------ AVAILABLE RECORDS ------

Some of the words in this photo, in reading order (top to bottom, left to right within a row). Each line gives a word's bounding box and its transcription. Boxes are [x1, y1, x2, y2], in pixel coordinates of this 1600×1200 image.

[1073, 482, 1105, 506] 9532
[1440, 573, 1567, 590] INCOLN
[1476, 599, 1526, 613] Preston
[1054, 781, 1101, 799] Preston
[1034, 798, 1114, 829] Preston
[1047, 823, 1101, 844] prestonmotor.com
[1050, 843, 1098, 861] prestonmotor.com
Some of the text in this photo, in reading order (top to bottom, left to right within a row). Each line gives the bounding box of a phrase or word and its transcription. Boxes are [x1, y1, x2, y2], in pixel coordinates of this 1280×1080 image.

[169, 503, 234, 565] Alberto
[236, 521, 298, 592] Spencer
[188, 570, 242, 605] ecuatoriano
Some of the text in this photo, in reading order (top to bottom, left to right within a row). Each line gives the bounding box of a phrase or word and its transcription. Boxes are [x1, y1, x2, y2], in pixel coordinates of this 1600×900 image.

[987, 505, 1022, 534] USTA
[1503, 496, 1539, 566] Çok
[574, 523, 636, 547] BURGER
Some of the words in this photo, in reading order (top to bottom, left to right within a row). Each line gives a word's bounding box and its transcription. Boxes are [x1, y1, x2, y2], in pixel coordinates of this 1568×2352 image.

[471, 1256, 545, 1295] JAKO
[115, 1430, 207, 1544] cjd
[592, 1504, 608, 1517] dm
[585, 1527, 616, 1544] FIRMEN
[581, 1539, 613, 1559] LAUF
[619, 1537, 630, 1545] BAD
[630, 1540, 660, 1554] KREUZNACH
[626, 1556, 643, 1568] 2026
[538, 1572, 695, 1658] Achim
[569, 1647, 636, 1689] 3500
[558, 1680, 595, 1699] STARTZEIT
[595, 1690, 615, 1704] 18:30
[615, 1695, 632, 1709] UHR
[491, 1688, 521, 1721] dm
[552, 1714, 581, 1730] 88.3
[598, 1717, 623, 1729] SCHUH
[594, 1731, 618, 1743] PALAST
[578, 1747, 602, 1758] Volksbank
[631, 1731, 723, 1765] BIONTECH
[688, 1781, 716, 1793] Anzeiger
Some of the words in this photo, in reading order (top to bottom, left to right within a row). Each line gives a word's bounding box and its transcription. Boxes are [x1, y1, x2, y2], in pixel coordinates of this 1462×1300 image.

------

Copy out the entire listing word for word. Keep every line as it is.

Some of the words in this photo, in reading order (top to bottom, left to right within a row). Each line gives a word's bounding box and its transcription. Boxes are [x1, y1, x2, y2], in pixel coordinates of this 1600×1200 image.

[1073, 482, 1105, 506] 9532
[1440, 573, 1567, 590] INCOLN
[1476, 599, 1526, 613] Preston
[1054, 781, 1101, 799] Preston
[1034, 798, 1114, 829] Preston
[1047, 823, 1101, 844] prestonmotor.com
[1050, 843, 1098, 861] prestonmotor.com
Some of the text in this photo, in reading order (top to bottom, left to right within a row). Each line gives the bounding box of a phrase or word and its transcription. Boxes are [x1, y1, x2, y2], in pixel coordinates of this 1280×1080 image.

[169, 503, 234, 565] Alberto
[236, 521, 298, 592] Spencer
[188, 570, 242, 605] ecuatoriano
Some of the text in this photo, in reading order (top to bottom, left to right within a row). Each line gives the bounding box of a phrase or word and its transcription. Boxes are [x1, y1, x2, y2], in pixel coordinates of this 1600×900 image.

[987, 505, 1022, 534] USTA
[1503, 496, 1539, 566] Çok
[574, 523, 636, 547] BURGER
Some of the words in this photo, in reading order (top to bottom, left to right within a row). Each line gives a word's bounding box and its transcription. Boxes are [x1, y1, x2, y2], in pixel coordinates of this 1568×2352 image.

[471, 1256, 545, 1295] JAKO
[115, 1430, 207, 1544] cjd
[592, 1504, 608, 1517] dm
[585, 1527, 616, 1544] FIRMEN
[581, 1539, 613, 1559] LAUF
[619, 1537, 630, 1545] BAD
[630, 1540, 660, 1554] KREUZNACH
[626, 1556, 643, 1568] 2026
[538, 1572, 695, 1658] Achim
[569, 1647, 636, 1689] 3500
[558, 1680, 595, 1699] STARTZEIT
[595, 1690, 615, 1704] 18:30
[615, 1695, 632, 1709] UHR
[491, 1688, 521, 1721] dm
[552, 1714, 581, 1730] 88.3
[598, 1717, 623, 1729] SCHUH
[594, 1731, 618, 1743] PALAST
[578, 1747, 602, 1758] Volksbank
[631, 1731, 723, 1765] BIONTECH
[688, 1781, 716, 1793] Anzeiger
Some of the words in this photo, in reading order (top to bottom, left to right within a row). Each line gives a word's bounding box and its transcription. Boxes are [x1, y1, x2, y2], in pixel coordinates of this 1462×1300 image.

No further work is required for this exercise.